▶ _What you are asked to do_
When a picture appears among the records, leave it out, and copy all else exactly.

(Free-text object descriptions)
--------------------------------

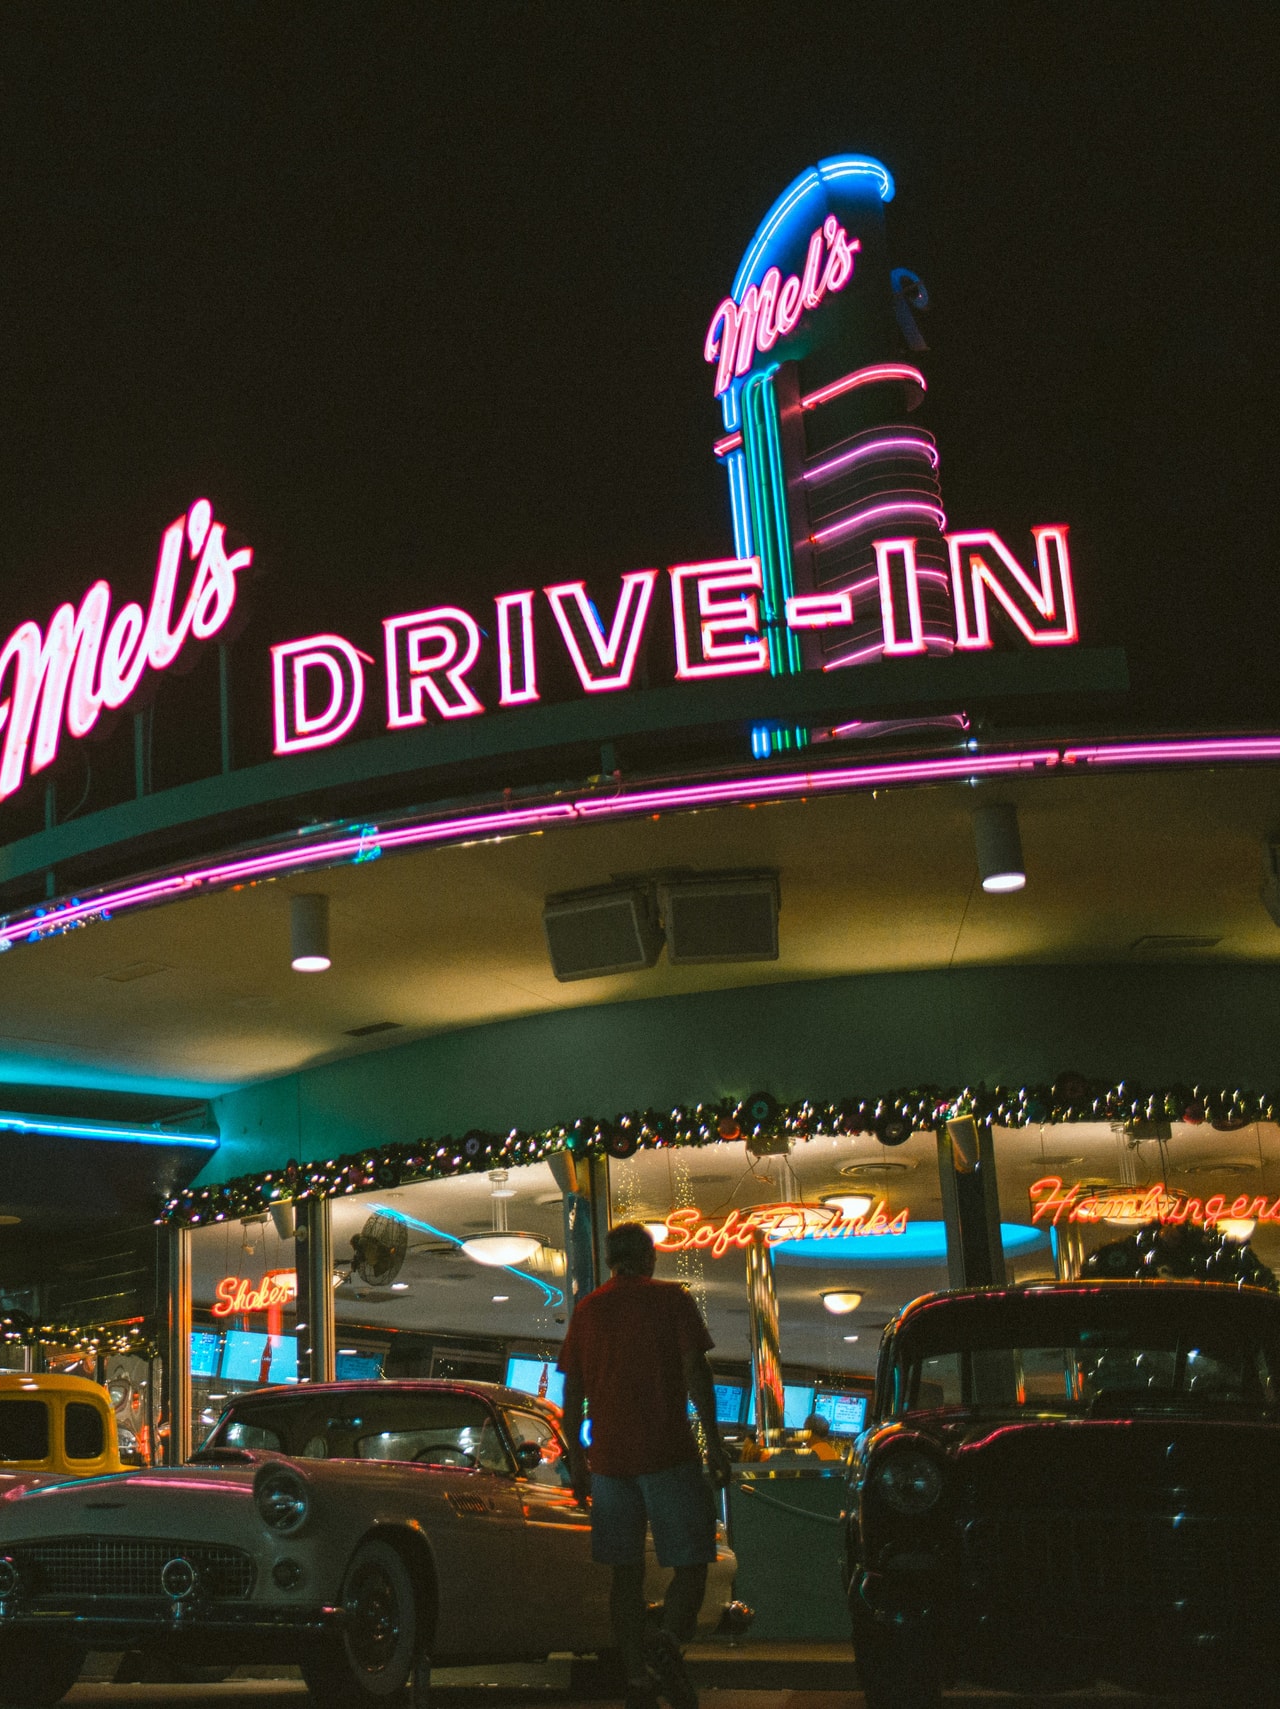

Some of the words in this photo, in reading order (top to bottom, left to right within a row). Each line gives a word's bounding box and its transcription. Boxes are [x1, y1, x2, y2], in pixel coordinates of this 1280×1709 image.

[704, 213, 861, 398] Mel's
[270, 524, 1080, 756] DRIVE-IN
[655, 1207, 759, 1259] Soft
[762, 1200, 909, 1248] Drinks
[213, 1276, 292, 1316] Shakes
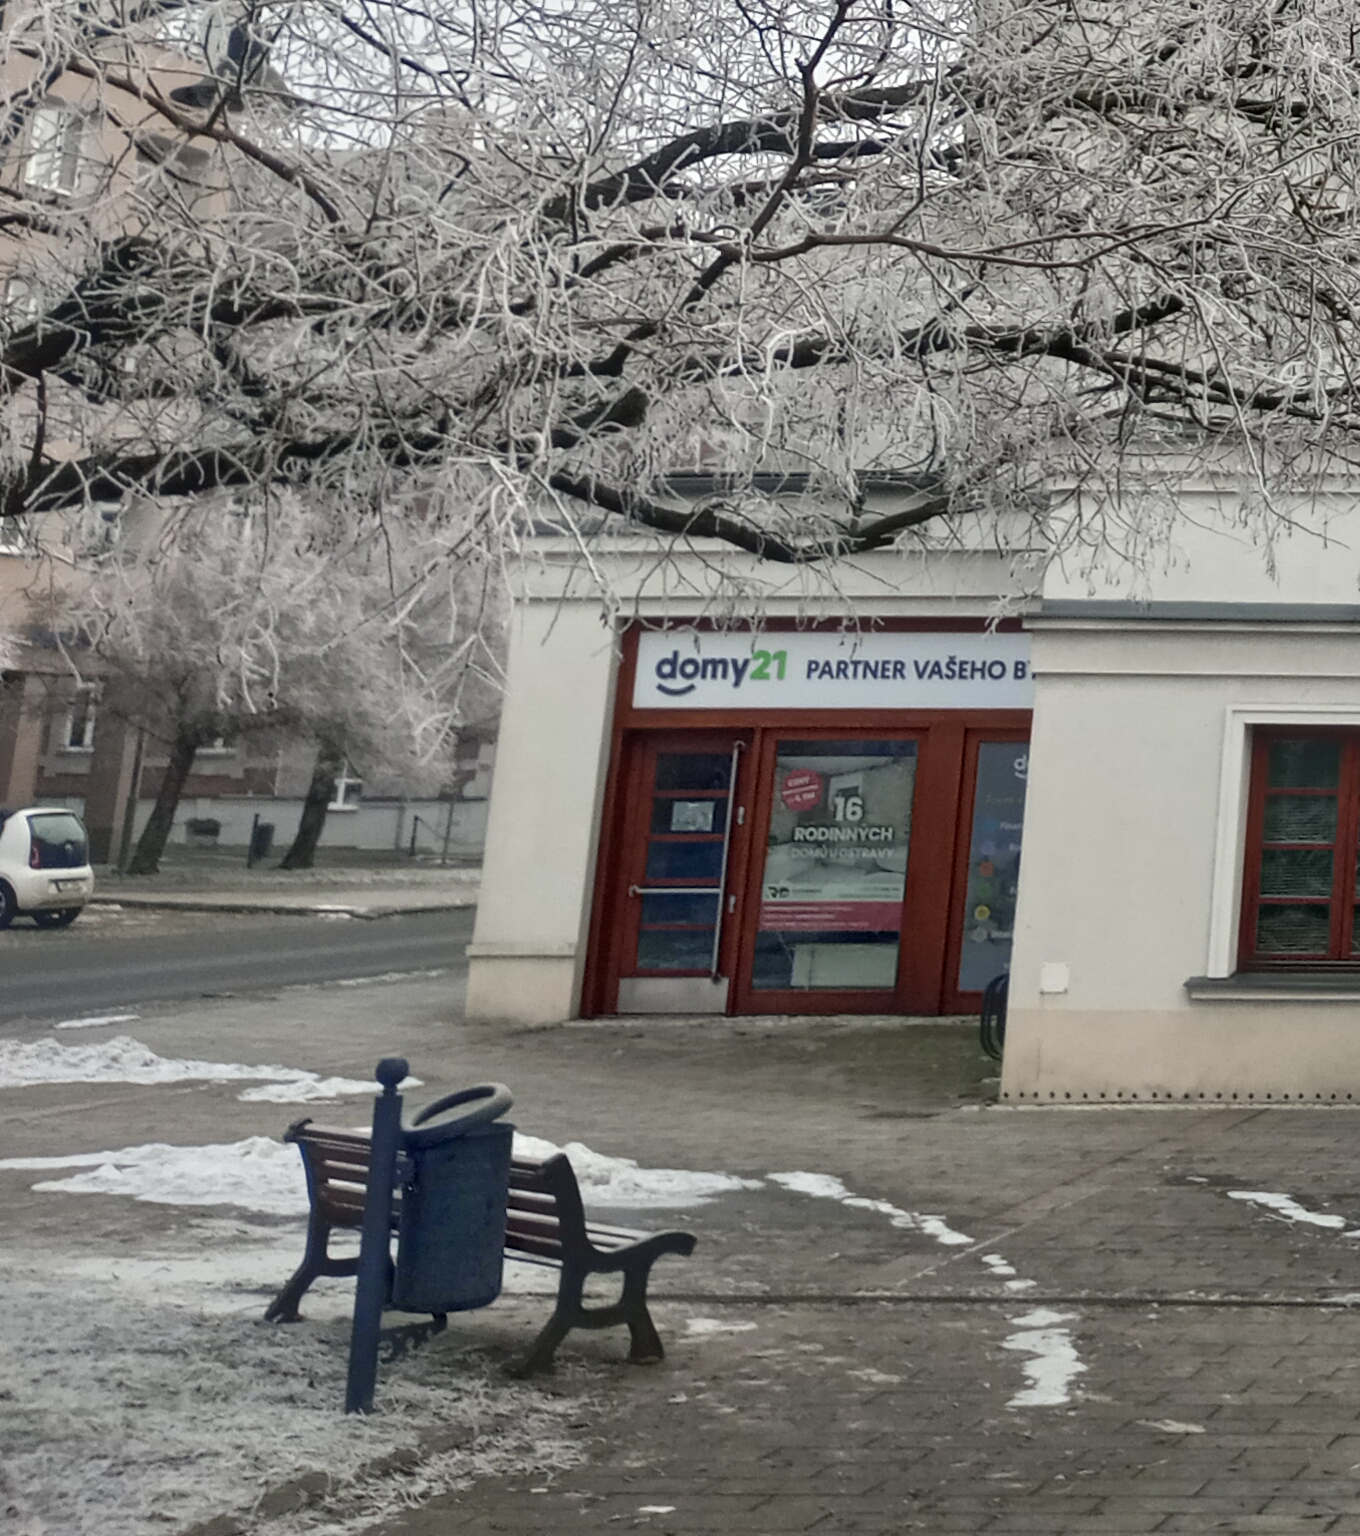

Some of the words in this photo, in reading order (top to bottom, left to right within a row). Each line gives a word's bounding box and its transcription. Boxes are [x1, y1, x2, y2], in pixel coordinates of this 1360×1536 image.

--------------------------------

▶ _Response to this task_
Some of the words in this photo, in reading order (top to bottom, left to right within a row). Each line gives a word's bounding box and its transcription. Boxes are [x1, y1, x2, y2], in pixel coordinates of this 1280×1709 image.

[704, 213, 861, 398] Mel's
[270, 524, 1080, 756] DRIVE-IN
[655, 1207, 759, 1259] Soft
[762, 1200, 909, 1248] Drinks
[213, 1276, 292, 1316] Shakes

Some of the words in this photo, in reading order (top to bottom, left to right within a row). Each line gives a word's bounding box and its transcription. Boxes are [x1, y1, x2, y2], in pixel coordinates of this 1360×1536 image.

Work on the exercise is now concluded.